Here are some frequently asked questions about Ahmadinejad and his history, with brief answers.

  • What is Ahmadinejad's current status and role in Iran? Ahmadinejad is currently a private citizen who has no official role or position in Iran. He has been banned from running for president again by the Guardian Council, a constitutional body that vets candidates for elections. He has also been marginalized by the Iranian establishment, especially by Khamenei and the Revolutionary Guard, who view him as a threat and a nuisance. He occasionally makes public statements or appearances, but he has little influence or support among the Iranian people.

  • What is Ahmadinejad's relationship with Mashaei? Ahmadinejad and Mashaei are close friends and allies who share a common vision of Iran and Islam. Mashaei is Ahmadinejad's chief of staff, his son's father-in-law, and his potential successor. Mashaei is also a controversial figure who has been accused of being a leader of a "deviant current" that promotes Iranian nationalism, messianism, and occultism over Islamic orthodoxy and loyalty to Khamenei. Mashaei has been barred from running for president by the Guardian Council, and he has been targeted by the security forces and the judiciary for his alleged involvement in corruption and sedition.
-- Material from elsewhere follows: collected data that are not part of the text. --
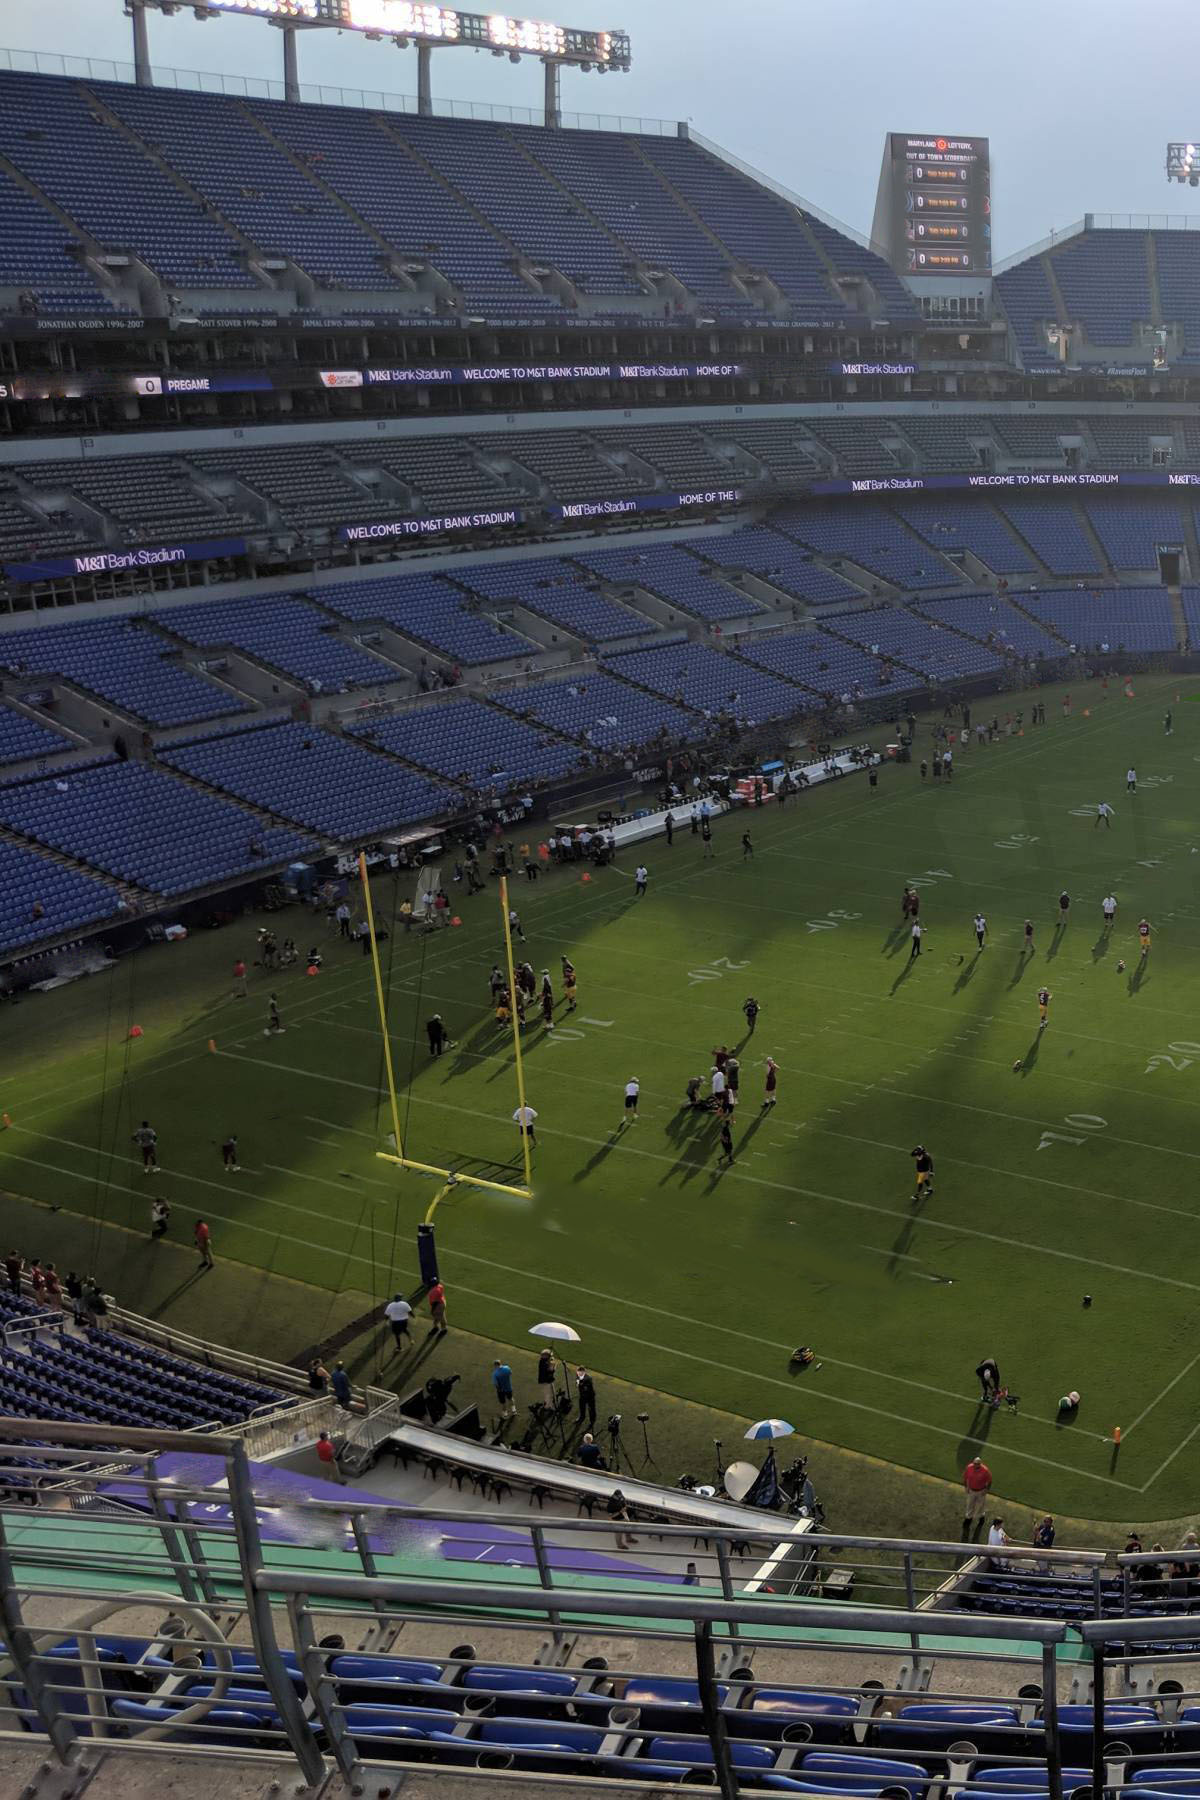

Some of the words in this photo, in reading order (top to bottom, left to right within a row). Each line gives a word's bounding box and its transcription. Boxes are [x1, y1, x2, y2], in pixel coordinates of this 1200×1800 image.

[907, 140, 936, 148] MARYLAND
[906, 152, 917, 160] OUT
[927, 153, 943, 161] TOWN
[917, 167, 923, 178] 0
[961, 169, 967, 180] 0
[917, 196, 924, 207] 0
[961, 198, 968, 208] 0
[918, 224, 925, 236] 0
[962, 226, 968, 237] 0
[919, 253, 926, 264] 0
[962, 255, 969, 265] 0
[37, 320, 77, 328] JONATHAN
[79, 320, 105, 328] OGDEN
[368, 369, 391, 381] M&T
[391, 369, 416, 381] Bank
[414, 368, 452, 380] Stadium
[463, 368, 511, 379] WELCOME
[512, 368, 525, 378] TO
[526, 367, 547, 378] M&T
[548, 366, 573, 378] BANK
[573, 366, 610, 377] STADIUM
[620, 365, 640, 377] M&T
[640, 365, 659, 377] Bank
[658, 365, 688, 377] Stadium
[696, 365, 720, 377] HOME
[721, 365, 733, 376] OF
[842, 363, 863, 374] M&T
[863, 363, 883, 374] Bank
[883, 363, 915, 374] Stadium
[145, 380, 155, 392] 0
[167, 379, 210, 391] PREGAME
[852, 480, 873, 492] M&T
[872, 479, 891, 490] Bank
[890, 477, 923, 489] Stadium
[969, 475, 1015, 486] WELCOME
[1016, 475, 1030, 484] TO
[1031, 474, 1051, 484] M&T
[1052, 474, 1078, 484] BANK
[1078, 474, 1119, 484] STADIUM
[1168, 474, 1191, 485] M&T
[679, 492, 704, 506] HOME
[704, 491, 717, 503] OF
[717, 490, 735, 502] THE
[562, 503, 584, 517] M&T
[584, 501, 605, 515] Bank
[604, 500, 637, 513] Stadium
[347, 523, 402, 540] WELCOME
[403, 520, 419, 533] TO
[420, 518, 443, 532] M&T
[444, 515, 472, 530] BANK
[473, 511, 516, 526] STADIUM
[75, 553, 108, 573] M&T
[108, 552, 139, 569] Bank
[138, 547, 185, 567] Stadium
[805, 909, 864, 930] 30
[687, 956, 751, 981] 20
[547, 1016, 616, 1042] 10
[1039, 1113, 1109, 1147] 10
  • What is Ahmadinejad's stance on the nuclear deal? Ahmadinejad has been critical of the nuclear deal that was signed in 2015 between Iran and six world powers, known as the Joint Comprehensive Plan of Action (JCPOA). He has argued that the deal was a betrayal of Iran's nuclear rights and interests, and that it did not bring any benefits to Iran in terms of lifting sanctions or improving its economy. He has also accused Rouhani's government of being weak and submissive to the West, and of failing to protect Iran's dignity and sovereignty.

  • What is Ahmadinejad's view on Israel? Ahmadinejad has been notorious for his hostile and inflammatory rhetoric against Israel. He has repeatedly called for Israel's destruction, questioned the Holocaust, and denied Israel's right to exist. He has also supported Palestinian militant groups such as Hamas and Hezbollah, and opposed any peace negotiations or normalization with Israel. He has claimed that Israel is a "cancerous tumor" that must be removed from the region, and that it is behind many of the problems and conflicts in the Middle East.

  • What is Ahmadinejad's vision for Iran? Ahmadinejad has a vision for Iran that is based on his interpretation of Islam, his messianic beliefs, and his populist agenda. He believes that Iran should be a leader of the Islamic world, a champion of the oppressed nations, and a challenger of the arrogant powers. He believes that Iran should pursue its nuclear program as a symbol of its scientific and technological prowess, and as a deterrent against its enemies. He believes that Iran should prepare for the imminent return of the Hidden Imam, who will bring justice and peace to the world. He believes that Iran should serve the poor and the pious masses, who are the true heirs of the revolution.